Transcribe all the entries word for word, skipping the pictures.

Given information:
▼

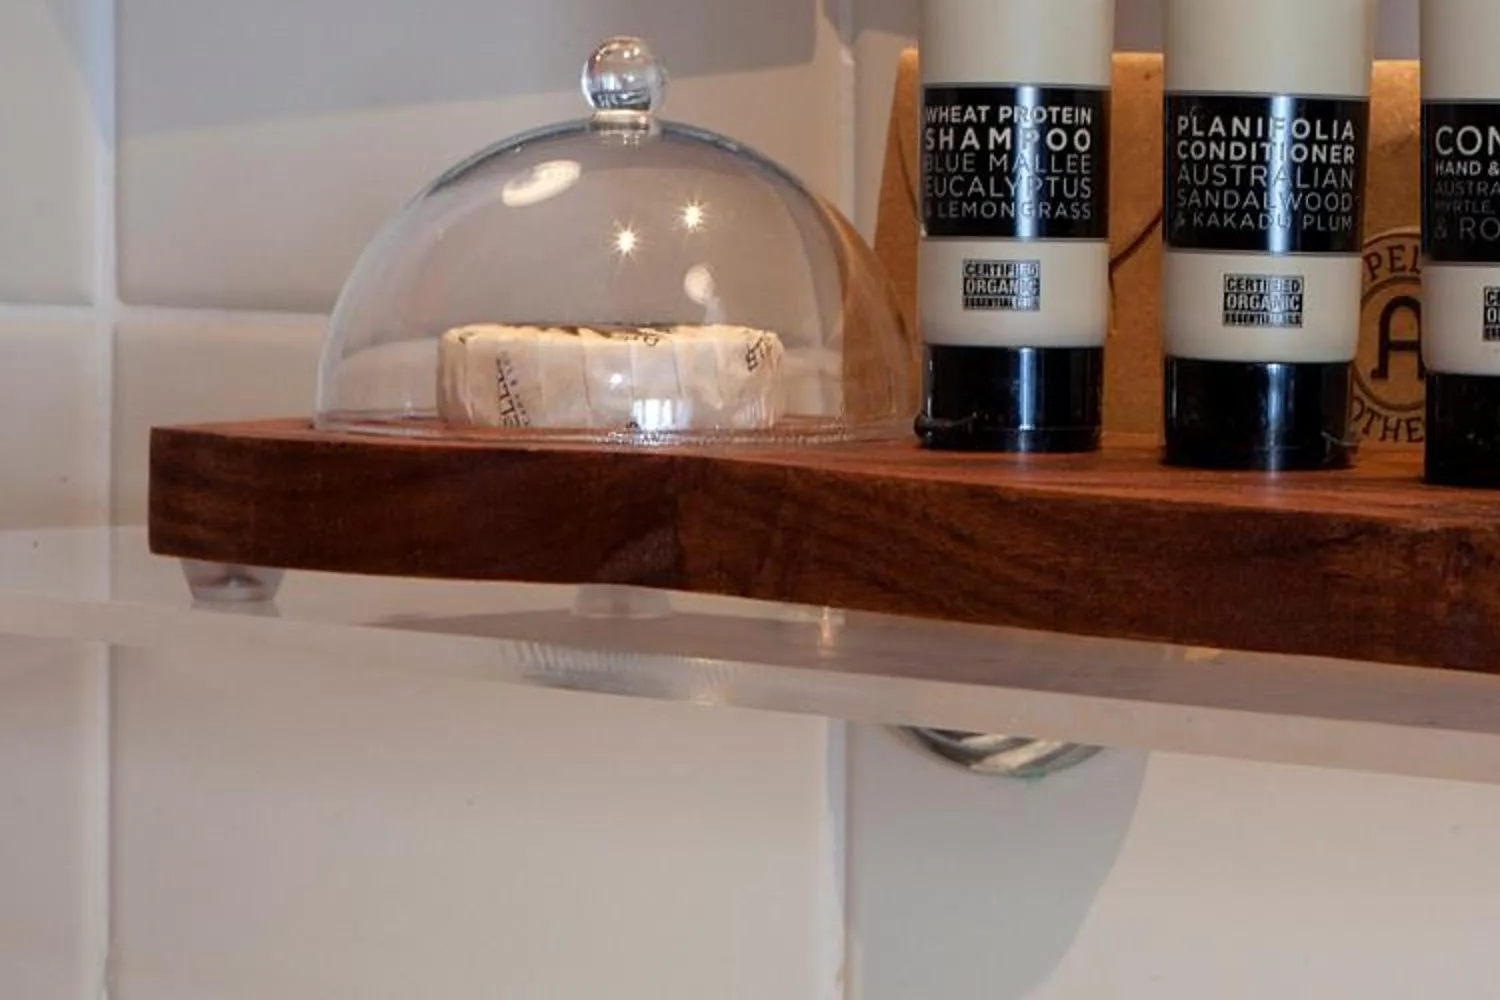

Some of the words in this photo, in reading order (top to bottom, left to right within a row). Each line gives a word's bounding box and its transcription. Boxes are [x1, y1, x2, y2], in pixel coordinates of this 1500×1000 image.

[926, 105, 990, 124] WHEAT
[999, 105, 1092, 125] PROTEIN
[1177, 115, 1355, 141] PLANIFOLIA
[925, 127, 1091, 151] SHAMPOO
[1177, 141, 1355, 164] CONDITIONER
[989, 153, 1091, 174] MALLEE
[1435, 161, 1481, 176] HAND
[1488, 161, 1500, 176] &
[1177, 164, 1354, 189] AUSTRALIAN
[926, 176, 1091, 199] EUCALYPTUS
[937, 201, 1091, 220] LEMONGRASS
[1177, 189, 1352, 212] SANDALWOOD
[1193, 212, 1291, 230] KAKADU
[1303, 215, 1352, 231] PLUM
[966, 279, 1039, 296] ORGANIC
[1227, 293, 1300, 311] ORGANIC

▲

The completed task:
Some of the words in this photo, in reading order (top to bottom, left to right within a row). Each line gives a word's bounding box and its transcription. Boxes are [x1, y1, x2, y2], in pixel coordinates of this 1500×1000 image.

[926, 105, 990, 124] WHEAT
[999, 105, 1092, 125] PROTEIN
[1177, 115, 1355, 141] PLANIFOLIA
[925, 127, 1091, 151] SHAMPOO
[1177, 141, 1355, 164] CONDITIONER
[989, 153, 1091, 174] MALLEE
[1435, 161, 1481, 176] HAND
[1488, 161, 1500, 176] &
[1177, 164, 1354, 189] AUSTRALIAN
[926, 176, 1091, 199] EUCALYPTUS
[937, 201, 1091, 220] LEMONGRASS
[1177, 189, 1352, 212] SANDALWOOD
[1193, 212, 1291, 230] KAKADU
[1303, 215, 1352, 231] PLUM
[966, 279, 1039, 296] ORGANIC
[1227, 293, 1300, 311] ORGANIC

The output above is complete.